Ambongo was ordained to the priesthood on 14 August 1988 following the completion of his education. He worked as a parish priest in Bobito from 1988 until 1989 and then as a professor at the Catholic Faculties of Kinshasa. He taught moral theology at the Mazenod Institute from 1995 to 2005. He also served as both the major superior and the vice-provincial for his order for the vice-province of the Congo.

Bishop
Pope John Paul II appointed him Bishop of Bokungu-Ikela on 22 November 2004. He received his episcopal consecration on 6 March 2005 from Joseph Kumuondala Mbimba with the co-consecrators Giovanni d'Aniello and Cardinal Frédéric Etsou-Nzabi-Bamungwabi in an open-air Mass in front of the Bokungu Cathedral. On 30 October 2008 Pope Benedict XVI named him apostolic administrator for Kole, a post he held until 9 August 2015. He made his first "ad limina" visit to Francis on 12 September 2014.

Archbishop
Pope Francis first named him apostolic administrator for Mbandaka-Bikoro on 5 March 2016 and then Archbishop of that see on 12 November, while retaining responsibility for Bokungu-Ikela as Apostolic Administrator. He was installed in his new see on 11 December 2016.

In 2016–18 he decried the repeated attempts of Congo President Joseph Kabila to push back the election in the Congo believing that it sets an alarming precedent and demonstrates the President's unwillingness to relinquish power. He defended those Catholics who organized pro-democratic demonstrations that drew violent responses from police forces. After these violent clashes he signed a statement on behalf of the bishops stating that the prelates "deplored the attack on human life" while offering their condolences to the families of "innocent victims" killed in the clashes. The statement further called for a "serious and objective investigation" to determine those responsible for the extreme violence. Ambongo opposes Kabila's candidacy for another term as president. Ambongo later led a mission of bishops to Lusaka, Zambia, to meet with Zambian President Edgar Lungu to urge him to support holding peaceful elections in the D.R.C. in December 2018.  In their message to Lungu, the bishops urged support for a "credible, transparent, inclusive and peaceful election" to solve "the socio-political crisis" plaguing the nation. Ambongo also celebrated a Mass in Zambia on 9 September 2018 urging Zambians never to lose peace in their nation.
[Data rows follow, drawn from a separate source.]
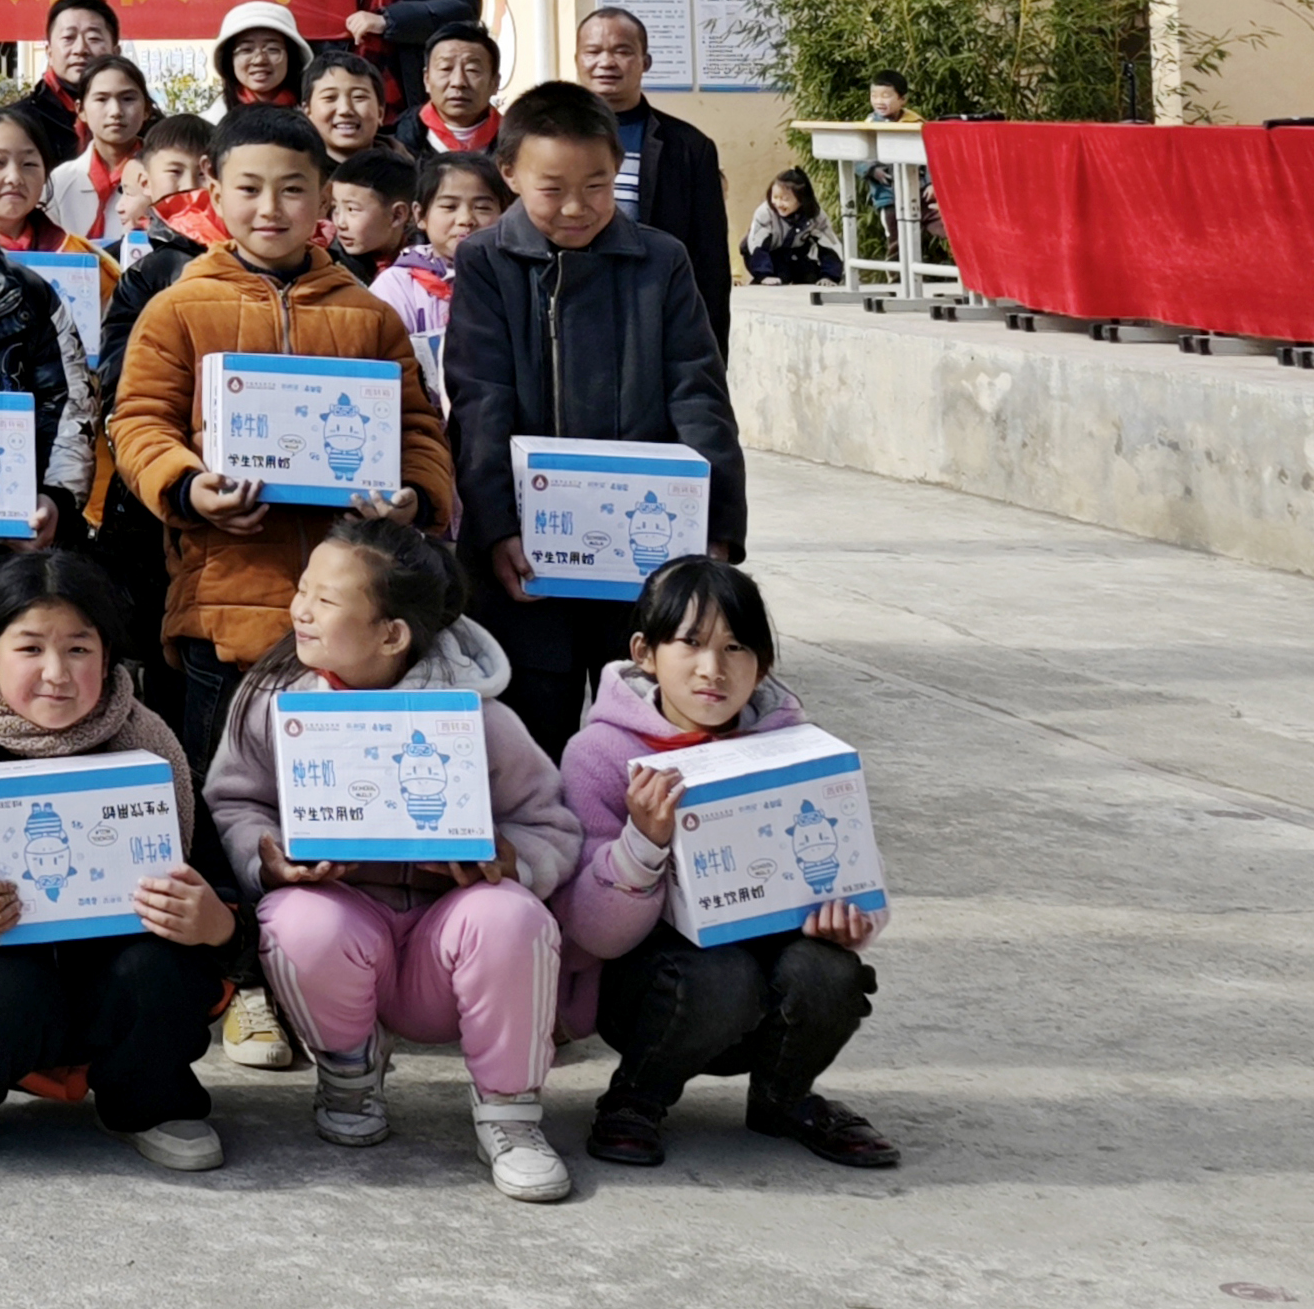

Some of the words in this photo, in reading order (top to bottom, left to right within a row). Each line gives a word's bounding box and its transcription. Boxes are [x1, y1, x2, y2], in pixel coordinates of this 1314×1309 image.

[230, 412, 269, 437] 纯牛奶
[228, 454, 291, 469] 学生饮用奶
[535, 509, 573, 536] 纯牛奶
[531, 550, 595, 566] 学生饮用奶
[293, 759, 336, 787] 纯牛奶
[102, 801, 170, 820] 学生饮用奶
[293, 806, 364, 822] 学生饮用奶
[130, 834, 172, 864] 纯牛奶
[693, 845, 736, 879] 纯牛奶
[698, 885, 765, 910] 学生饮用奶
On 30 May 2018, Ambongo issued a statement in Mbdanka-Bikoro announcing that there would be a suspension of those sacraments that require physical contact to administer due to an outbreak of Ebola in the area. He said that "this is to prevent the spread of Ebola hemorrhagic fever". He also advised giving the sign of peace verbally rather than physically.

Ambongo condemns the exploitation of natural resources and believes that renewables will help alleviate the impact of climate change in the world. In a 4 March 2015 interview in Rome, Ambongu said that "the future is this renewable energy, namely solar panels" in order to reduce climate change, highlighting solar panels as an effort to shift gradually to renewables. He continued that "we, as the Church, are not opposed to the exploration of natural resources", though asserted that such exploration needed to be both legal and transparent. Ambongo also collaborated with Cardinal Christoph Schönborn to secure a meeting between the German and Congo environmental ministers to discuss what the countries could do to improve the quality of the environment in their respective nations.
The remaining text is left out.